◆ **Records for the exercise**:
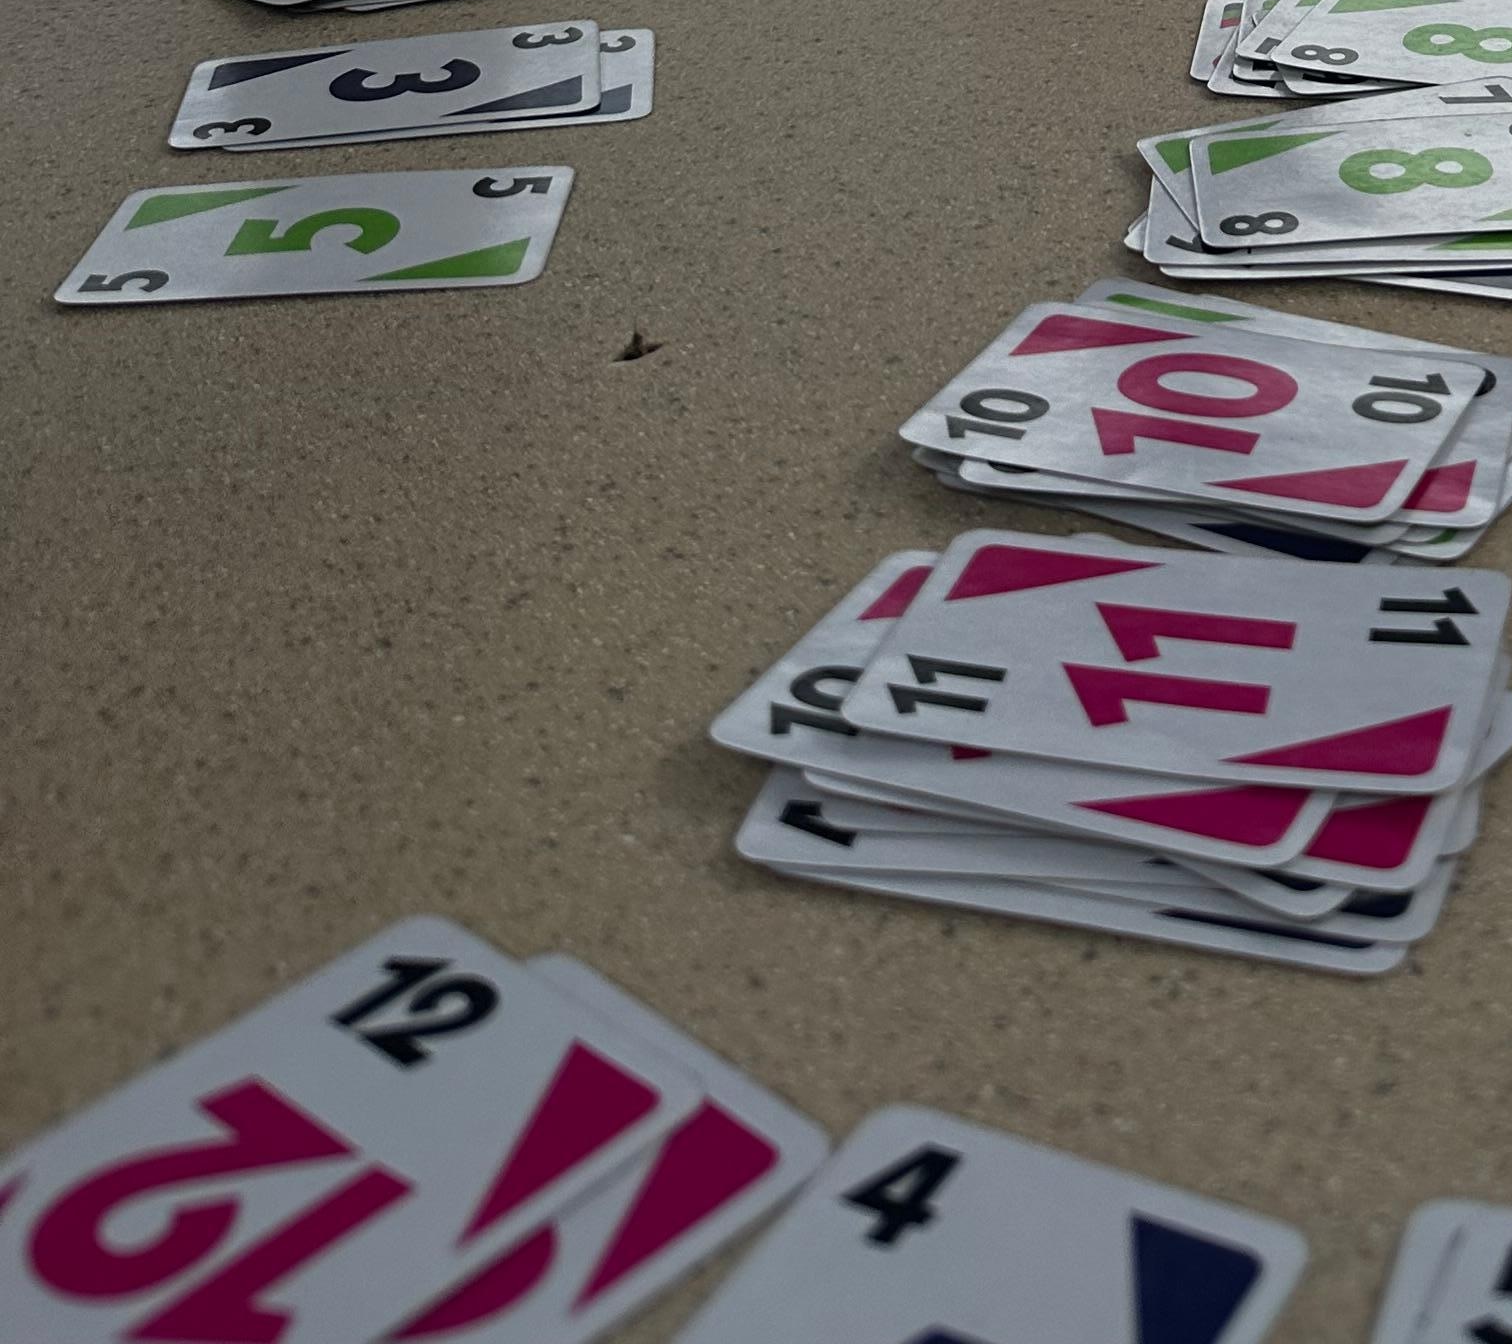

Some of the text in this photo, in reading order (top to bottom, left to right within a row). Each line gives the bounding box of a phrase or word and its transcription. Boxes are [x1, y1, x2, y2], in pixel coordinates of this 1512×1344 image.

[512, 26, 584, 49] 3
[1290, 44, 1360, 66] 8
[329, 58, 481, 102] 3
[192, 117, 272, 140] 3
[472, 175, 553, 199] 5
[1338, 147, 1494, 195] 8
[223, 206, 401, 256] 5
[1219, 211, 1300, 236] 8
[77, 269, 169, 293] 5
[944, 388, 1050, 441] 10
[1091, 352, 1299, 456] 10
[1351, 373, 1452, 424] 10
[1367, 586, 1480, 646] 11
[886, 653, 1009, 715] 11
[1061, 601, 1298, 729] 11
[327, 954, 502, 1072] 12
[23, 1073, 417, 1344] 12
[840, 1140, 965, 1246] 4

◆ **Task requirements**: Excluding images, return all of the records above word for word.

◆ **Result for this exercise**:
Some of the text in this photo, in reading order (top to bottom, left to right within a row). Each line gives the bounding box of a phrase or word and its transcription. Boxes are [x1, y1, x2, y2], in pixel coordinates of this 1512×1344 image.

[512, 26, 584, 49] 3
[1290, 44, 1360, 66] 8
[329, 58, 481, 102] 3
[192, 117, 272, 140] 3
[472, 175, 553, 199] 5
[1338, 147, 1494, 195] 8
[223, 206, 401, 256] 5
[1219, 211, 1300, 236] 8
[77, 269, 169, 293] 5
[944, 388, 1050, 441] 10
[1091, 352, 1299, 456] 10
[1351, 373, 1452, 424] 10
[1367, 586, 1480, 646] 11
[886, 653, 1009, 715] 11
[1061, 601, 1298, 729] 11
[327, 954, 502, 1072] 12
[23, 1073, 417, 1344] 12
[840, 1140, 965, 1246] 4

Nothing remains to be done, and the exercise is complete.